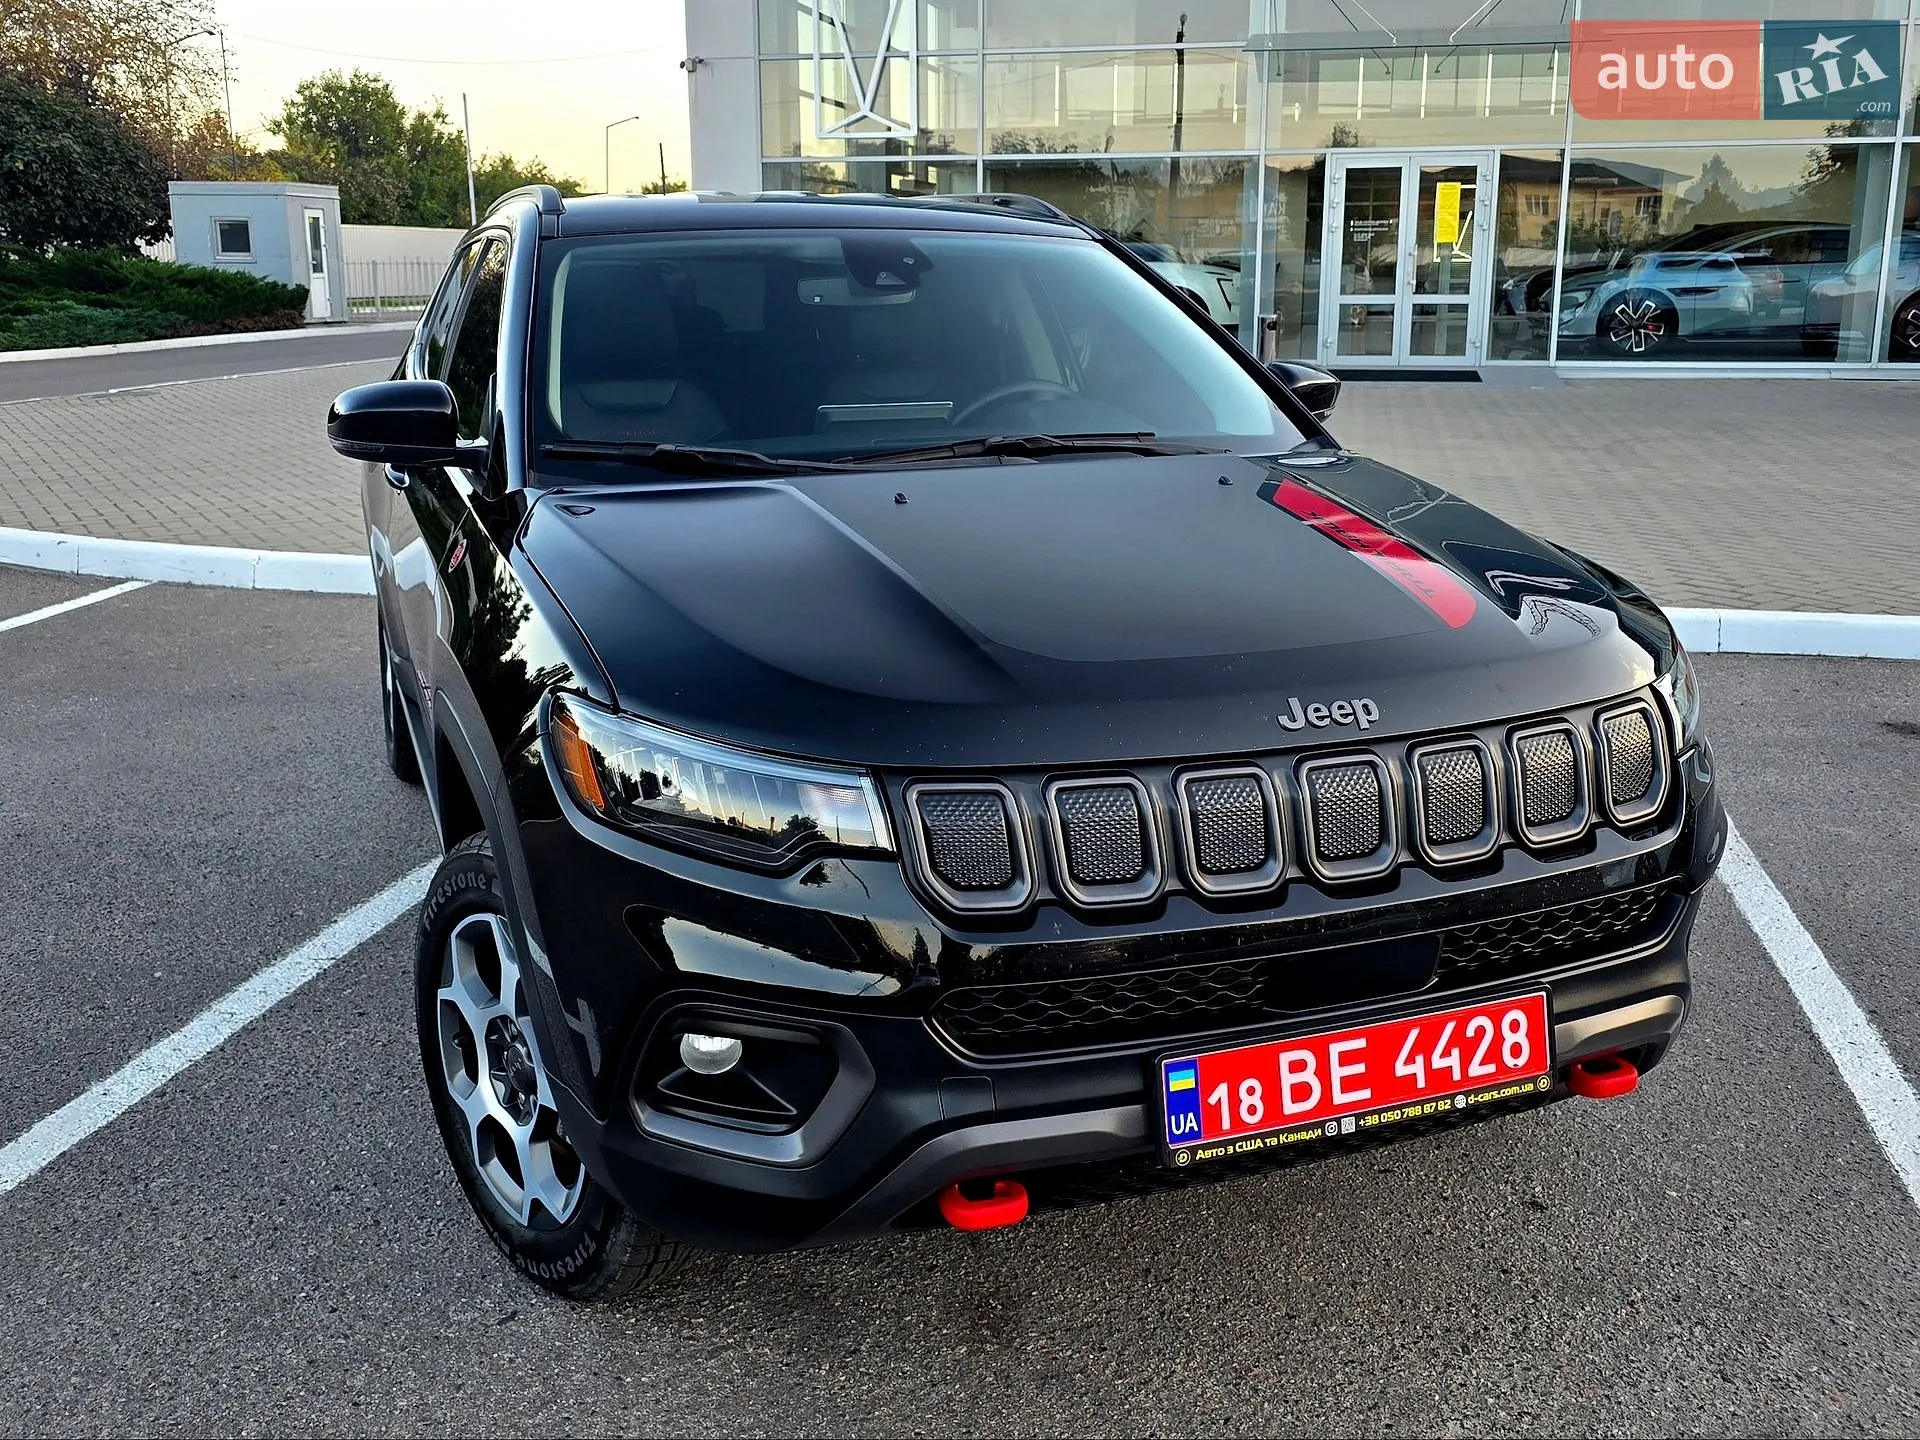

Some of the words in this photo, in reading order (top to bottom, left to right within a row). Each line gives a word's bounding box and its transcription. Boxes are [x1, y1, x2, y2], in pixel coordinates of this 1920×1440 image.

[1277, 697, 1380, 732] Jeep
[424, 871, 487, 932] Firestone
[1207, 1078, 1265, 1131] 18
[1279, 1038, 1370, 1115] BE
[1394, 1009, 1531, 1089] 4428
[1467, 1082, 1534, 1104] d-cars.com.ua
[1170, 1112, 1198, 1135] UA
[1359, 1114, 1379, 1127] +38
[1380, 1109, 1402, 1123] 050
[1402, 1105, 1422, 1118] 788
[1423, 1102, 1437, 1114] 87
[1437, 1099, 1452, 1111] 82
[1195, 1147, 1226, 1160] Авто
[1226, 1145, 1234, 1154] з
[1235, 1138, 1264, 1152] США
[1265, 1137, 1278, 1146] та
[1279, 1128, 1322, 1144] Канади

################

§ **Work order**: Set the listing down exactly, without its pictures.

§ **Response**:
Some of the words in this photo, in reading order (top to bottom, left to right within a row). Each line gives a word's bounding box and its transcription. Boxes are [x1, y1, x2, y2], in pixel coordinates of this 1920×1440 image.

[1277, 697, 1380, 732] Jeep
[424, 871, 487, 932] Firestone
[1207, 1078, 1265, 1131] 18
[1279, 1038, 1370, 1115] BE
[1394, 1009, 1531, 1089] 4428
[1467, 1082, 1534, 1104] d-cars.com.ua
[1170, 1112, 1198, 1135] UA
[1359, 1114, 1379, 1127] +38
[1380, 1109, 1402, 1123] 050
[1402, 1105, 1422, 1118] 788
[1423, 1102, 1437, 1114] 87
[1437, 1099, 1452, 1111] 82
[1195, 1147, 1226, 1160] Авто
[1226, 1145, 1234, 1154] з
[1235, 1138, 1264, 1152] США
[1265, 1137, 1278, 1146] та
[1279, 1128, 1322, 1144] Канади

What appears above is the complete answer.